Generally, the quality of education during this period was modest. Neither Malay nor Indian streams led to secondary education until the Sultan Idris Training College was established in 1922. Thus, children of the Indian estate workforce were the least catered for despite the existence of the Labour Code 1923, where management was required to provide schools when the number of pupils exceeded 10. This is because such schools lacked qualified teachers and attendance was purely optional.

Health
Average expenditure on health was 10% and 6-8% of total expenditure between 1919 and 1938 in the Straits Settlement and FMS respectively. However, it is crucial to note that this figure is not an absolute indication of the health standards as there is evidence that the poorest and least-developed states such as Kelantan were amongst the healthiest. Reasons for this were believed to be that due to the sparse population and fewer disturbances in natural conditions from agriculture and mining, risks of widespread diseases were reduced.

Population
There was significant growth of a plural society in the 1920s. However, as the Great Depression came to an end, so did unrestricted immigration. The Aliens Ordinance 1932 was implemented in Malaya whereby a quota system was imposed on immigration of all adult males, excluding British nationals and British-protected persons. The stance taken in Borneo territories was similar. Alternatively, unrestricted immigration of women was promoted to reduce gender imbalance. Hereafter, natural increase was the prime factor of population growth.

PERIOD: 1942 - 1945 (JAPANESE OCCUPATION)

During World War II, the Japanese invaded Malaya and defeated the British. This period can be categorised into 4 broad stages, ie (i). 1942: Reconstruction, (ii). 1943: Peak, (iii). 1944: Degeneration of conditions, and (iv). 1945: Continuous deterioration of conditions.

Import-substitution policies were adopted and controls were imposed on almost all aspects of economic activity, ie the Japanese assumed all aspects of the economy. Imports of rice were significantly reduced from 600,000 tonnes annually during the pre-war period to 168,000 tonnes annually from 1942-3. Supply of rice was imbalanced in states because states with surplus were prohibited from exporting to other states and people in deficit areas were prohibited from moving northwards.
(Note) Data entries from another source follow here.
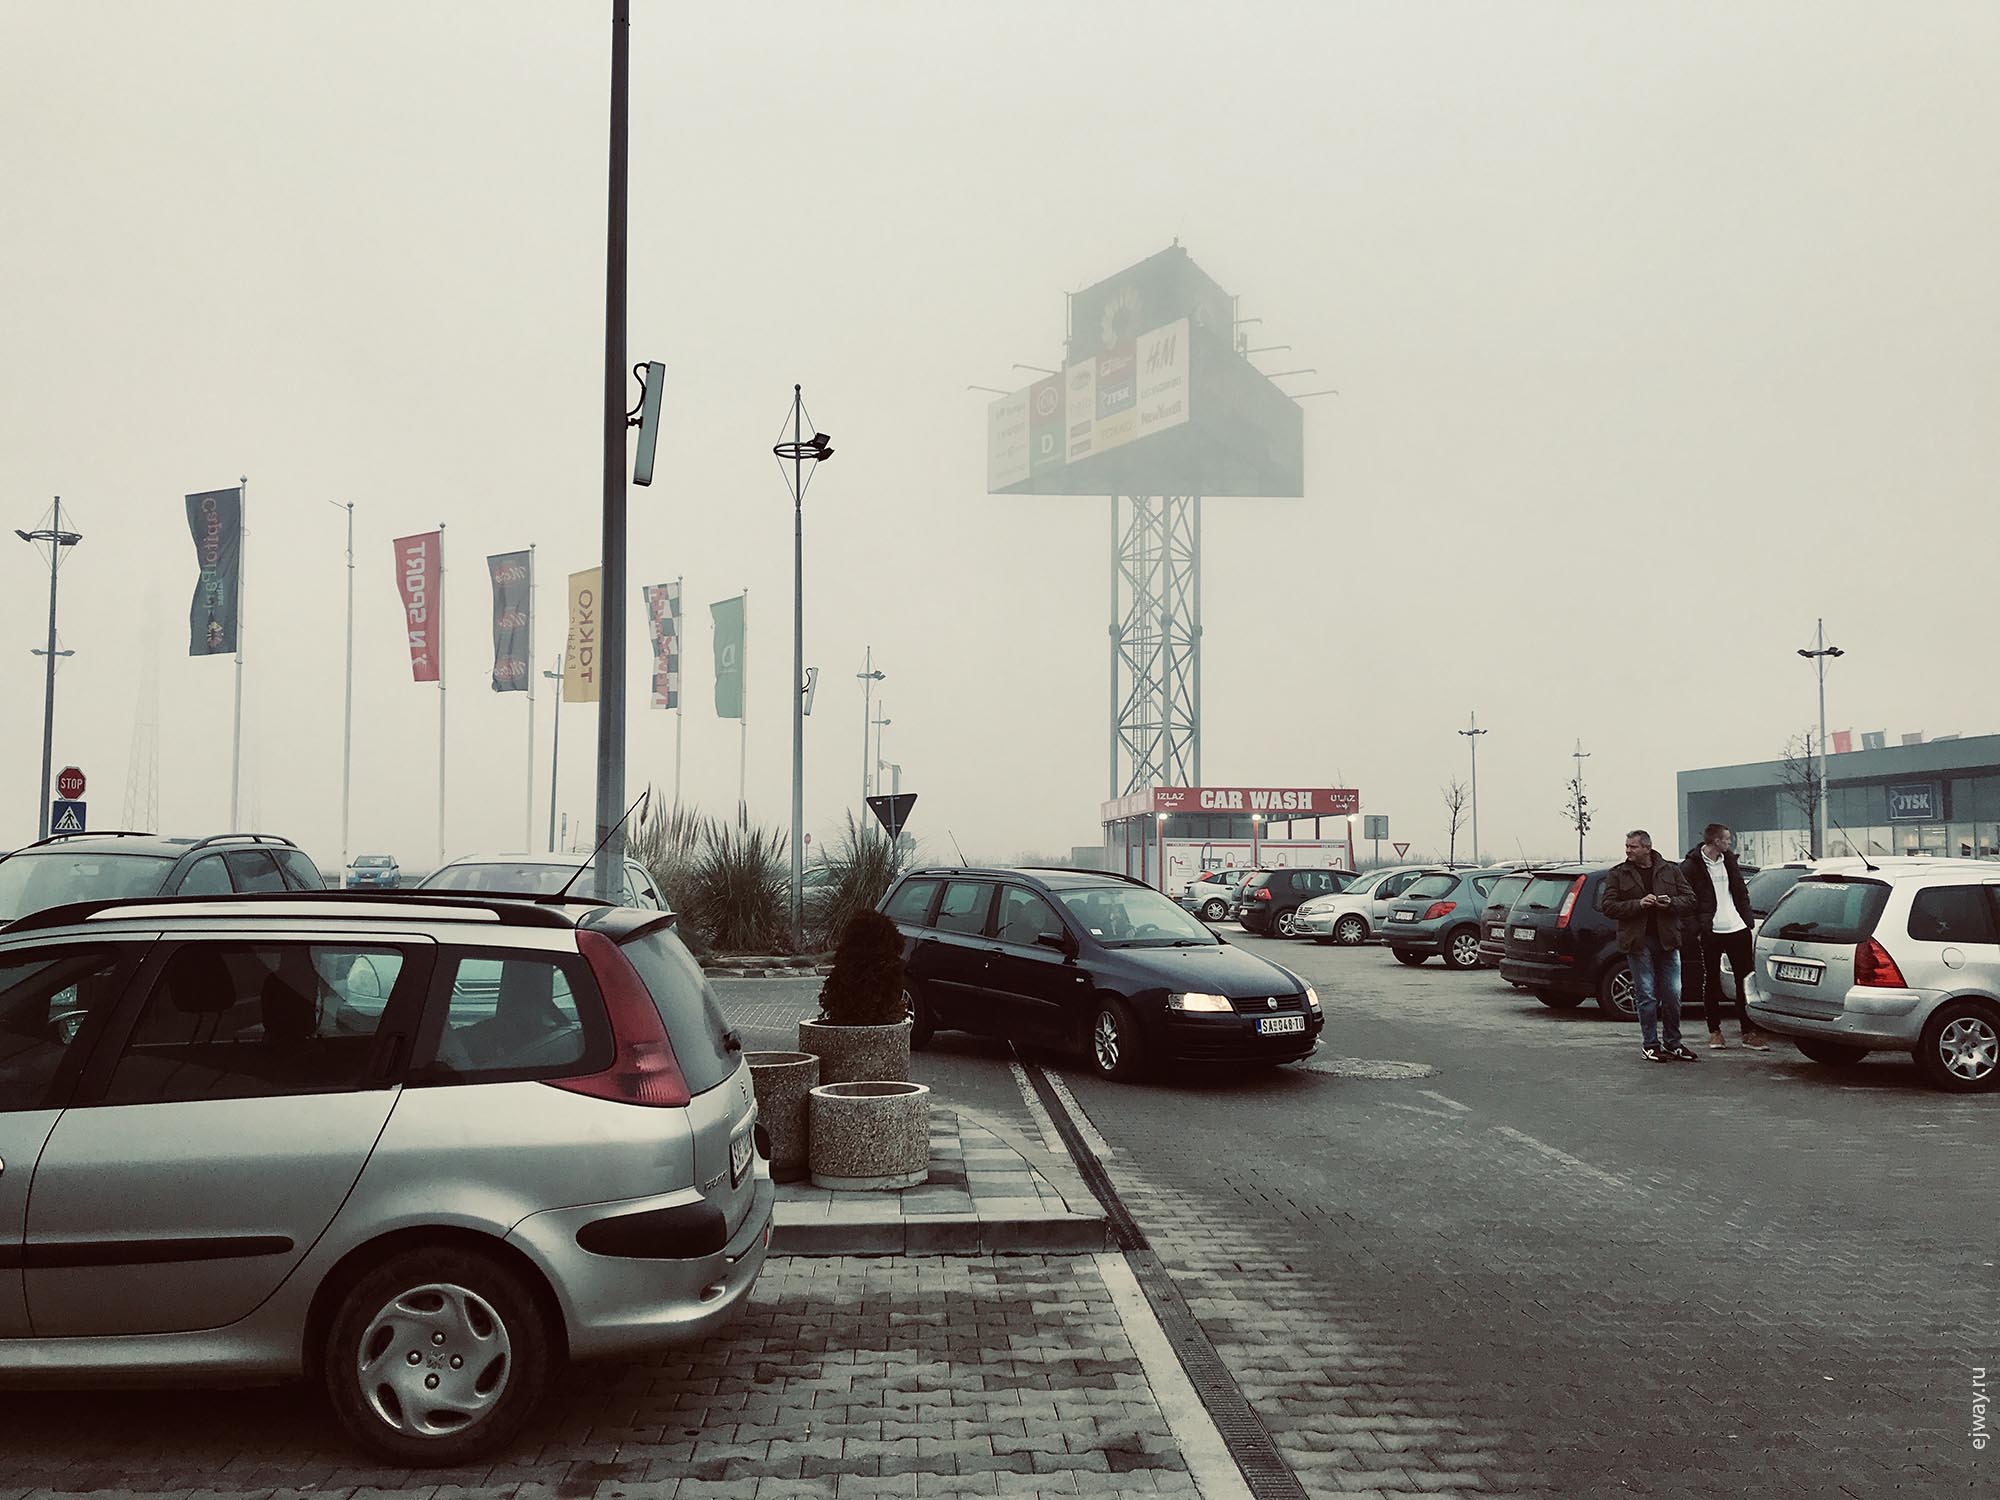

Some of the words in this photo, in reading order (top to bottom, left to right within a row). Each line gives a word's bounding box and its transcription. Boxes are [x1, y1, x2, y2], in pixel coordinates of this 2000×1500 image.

[60, 778, 83, 790] STOP
[1157, 792, 1184, 800] IZLAZ
[1200, 790, 1242, 809] CAR
[1249, 791, 1313, 810] WASH
[1898, 793, 1930, 810] JYSK
[1262, 1020, 1273, 1033] SA
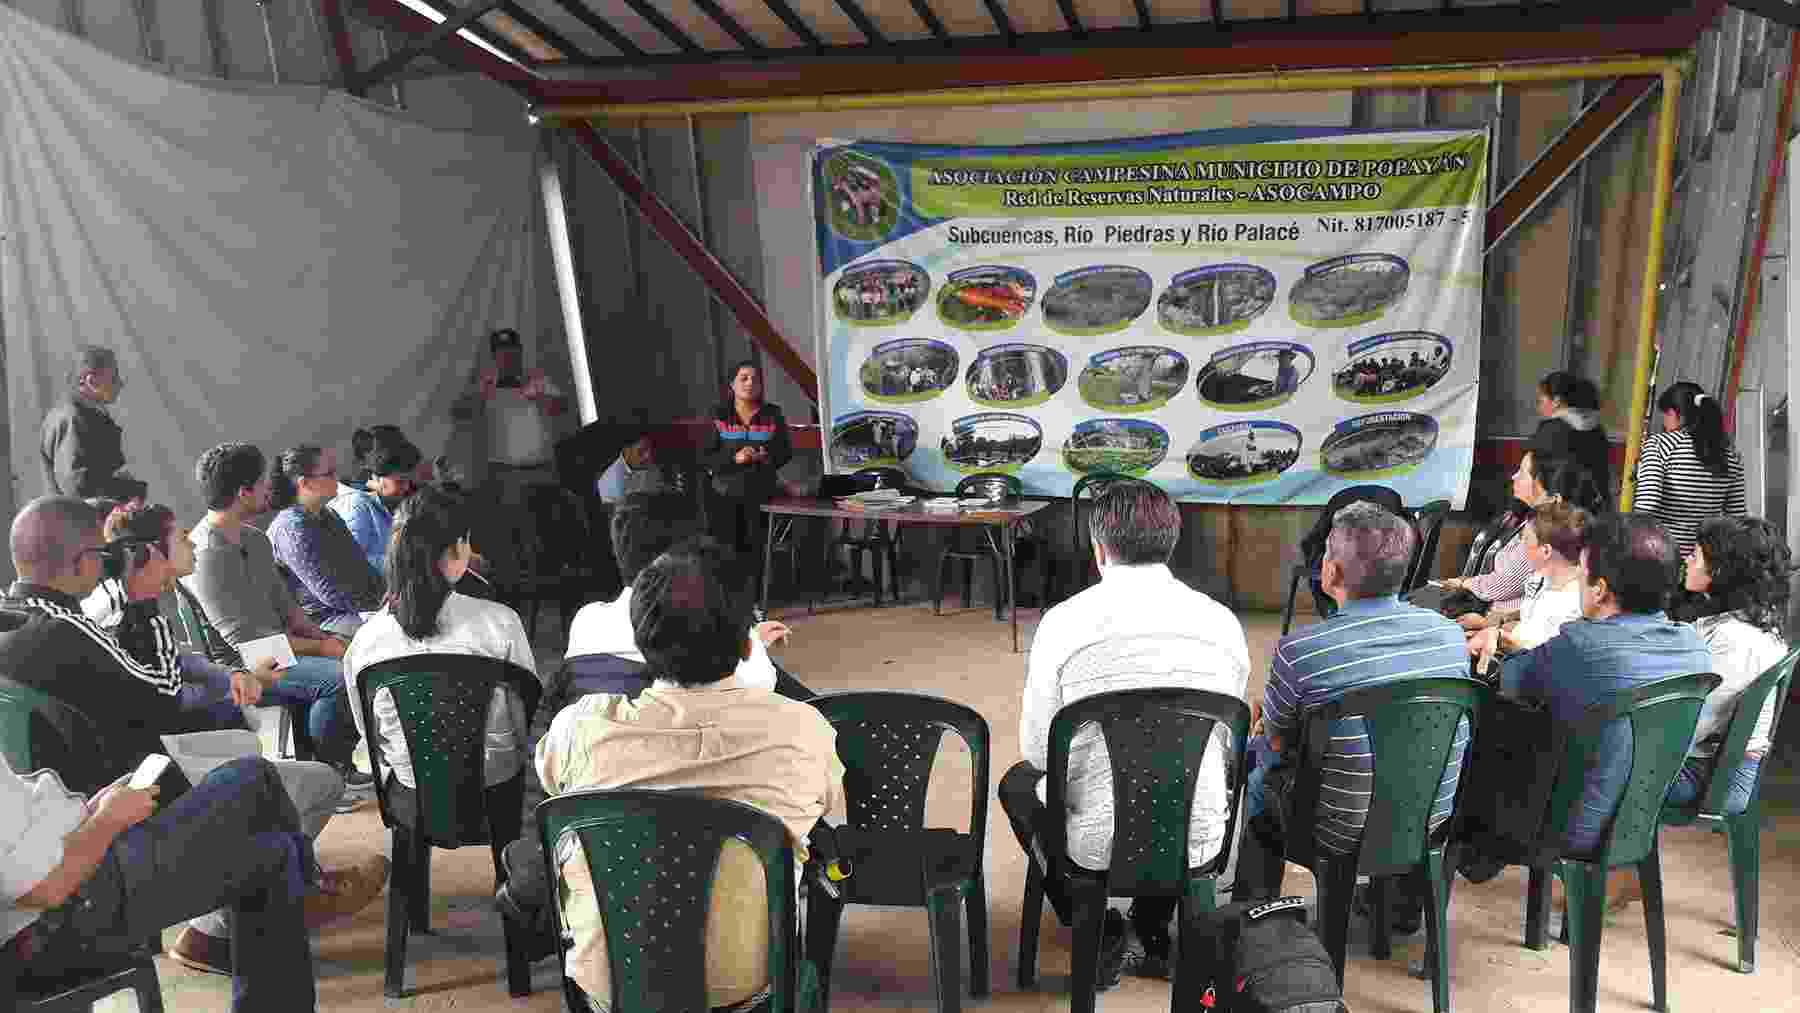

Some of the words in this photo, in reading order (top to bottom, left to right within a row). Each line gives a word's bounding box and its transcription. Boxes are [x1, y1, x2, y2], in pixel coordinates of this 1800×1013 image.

[1062, 161, 1193, 184] CAMPESINA
[1195, 158, 1321, 179] MUNICIPIO
[1327, 159, 1360, 177] DE
[1002, 189, 1038, 208] Red
[1041, 189, 1064, 207] de
[1065, 187, 1145, 206] Reservas
[1148, 185, 1233, 203] Naturales
[1249, 183, 1382, 201] ASOCAMPO
[949, 225, 1059, 247] Subcuencas,
[1105, 225, 1176, 243] Piedras
[1181, 227, 1191, 246] y
[1235, 221, 1300, 241] Palacé
[1317, 217, 1349, 233] Nit.
[1354, 211, 1445, 232] 817005187
The "scorched-earth policy" adopted when the British retreated from Malaya made reconstruction efforts necessary. However, restoration of export production was modest. Output of iron ore and coal peaked in 1943 and fell thereafter. Patterns in tin, oil and rubber industries were comparable. There was redistribution of labour during this period whereby Indian estate workers and Chinese miners in Malaya were conscripted to work on the Burma-Thai railway. The fact that the labour was distributed to areas unrelated to economic production contributed to the dislocation of former export economies.

Japanese rule had 2 contrary effects on the ethnic division. On the one hand, it heightened ethnic division by treating the Chinese brutally, while maintaining better relations with indigenous groups. On the other hand, scarcity of labour led to the blurring of ethnic divide through occupation.

Losses substantially outweighed any gains made during this period. The migrant communities were especially adversely affected. The Chinese were coerced into making "contributions" to the Japanese and virtually all the Chinese and Indian banks were forced to liquidate. Assets were then appropriated to Japanese banks.

Generally, living conditions deteriorated significantly during this period. Starvation occurred and incidence of beri-beri escalated. Rising inflation, coupled with a shortfall in food supplies against official allowances, impelled people into the black market.